Here is my rule of thumb on lease options:
DO NOT stay in the middle of a lease option (sandwich lease option) UNLESS the seller is willing to sign the deed over to you.
DO NOT stay in the middle, even if the owner is willing to sign the deed over to you, unless:
A) There is at least 30% equity in the property
B) You are making $200 or more per month cash flow
C) Your tenant has put at least 10% or more down to offset the risk of going into foreclosure.
Assume that all lease options will be kicked up to foreclosure court. It depends on what the judges mood is that day! It is a very grey area, so you have to figure $2,000 to $4,000 attorney fees for the foreclosure, plus at least 6 months of mortgage payments unless you can do a cash for keys with the tenant.
Assign, assign, assign!
Even if the property is overpriced, a tenant / buyer may want to buy it!
If he wants $169,000 for the property and a tenant buyer is willing to pay $10,000 for an option and your seller only wants $500 for an option, charge your tenant a $9,500 assignment fee and get out of the middle.
That is exactly what I would do on this deal, since there is no equity and lots of response.
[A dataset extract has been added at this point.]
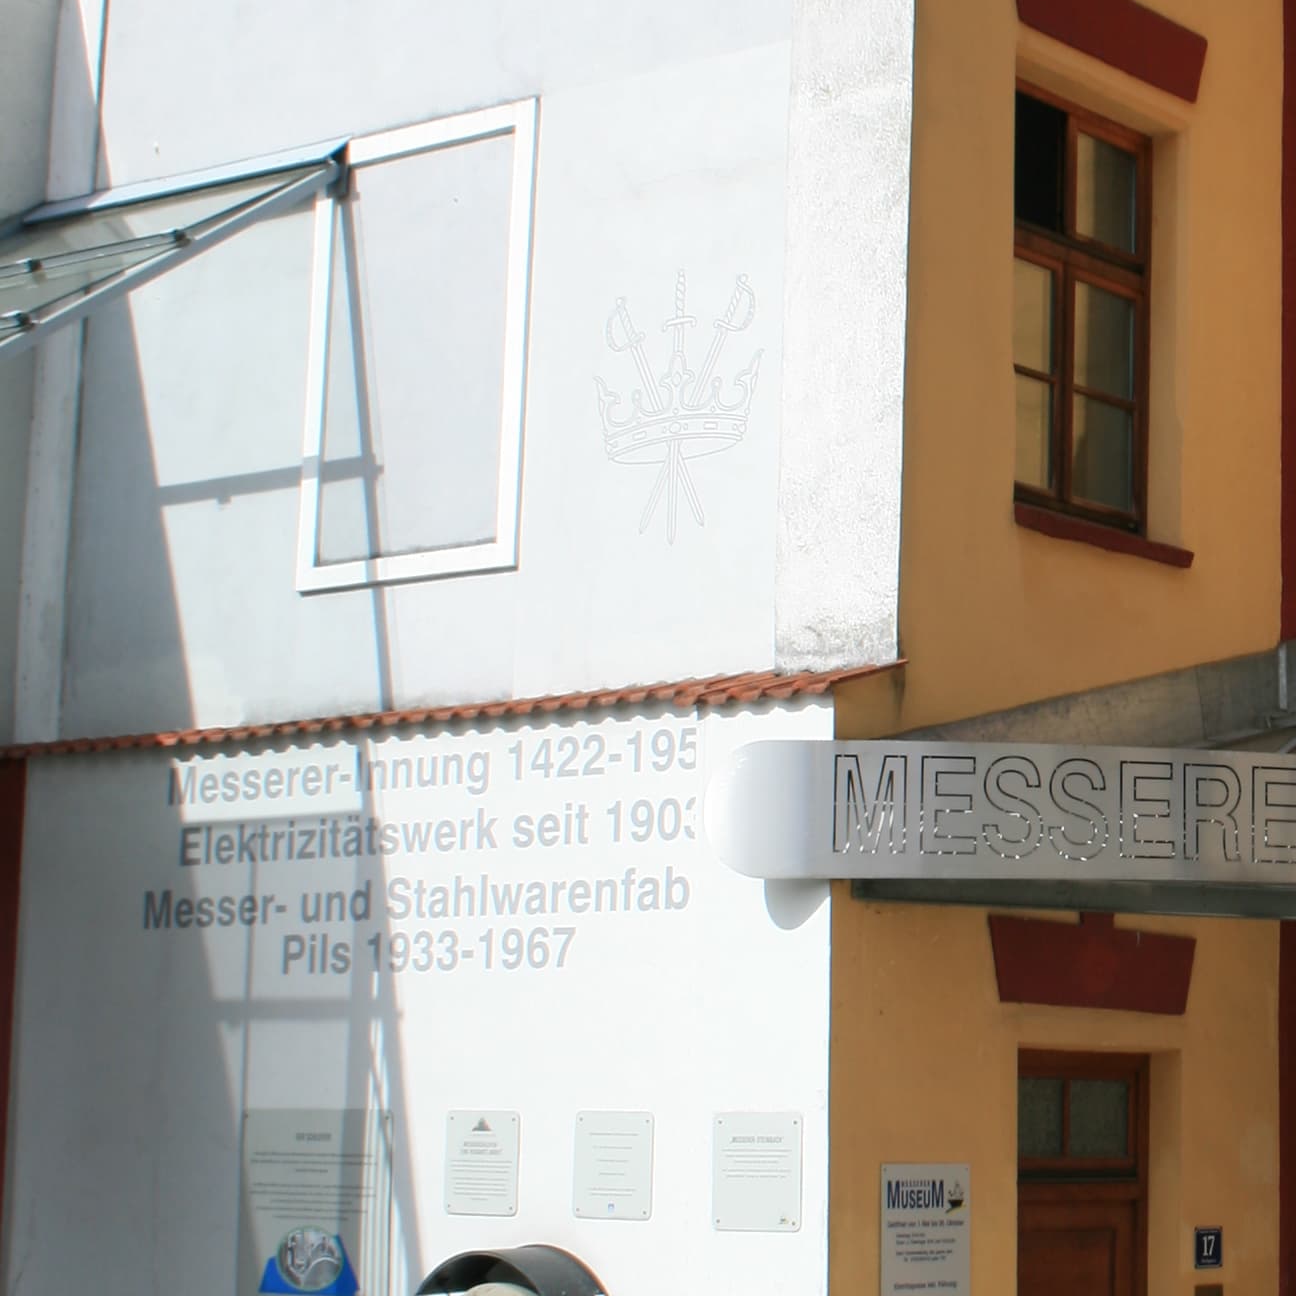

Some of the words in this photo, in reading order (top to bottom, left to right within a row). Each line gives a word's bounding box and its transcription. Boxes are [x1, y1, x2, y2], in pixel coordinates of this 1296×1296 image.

See if you can make a quick assignment fee and move on down the road.
I also want to state that I know A LOT of investors do sandwich lease options without having the seller sign over the deed. A lot of "Lease Option Gurus" don't even mention it. And that is because they have NEVER been in a situation where the seller and the buyer BOTH want to sue them! Save yourself thousands of dollars and several months of grief by having property rights before you choose to stay in the middle. This is also known as a "subject to"
You can do lease options with tenants all day long and not sign over property rights, but make sure your a$$ is covered! You can also assign contracts with zero equity and no cash flow because you aren't staying in the middle of it! But do not take the risk of doing a sandwich without title or deed to the property! Walk if the seller refuses the property rights, or assign the contract!!!
Rose is spot on correct.
Just be sure that your contracts have an explicit assignment clause that fully releases you from all liability. The assignee must fully assume all liability.
Rose & Jeff - when you say sign over the property do you mean actually giving you the deed w/o and money? Or, do you mean getting POA for the seller of the property. If I was the owner of the property why in the world would i give the deed of my property to someone who is leasing it.
and Rose does the indemnification clause in the contract protect you from being sued by the seller?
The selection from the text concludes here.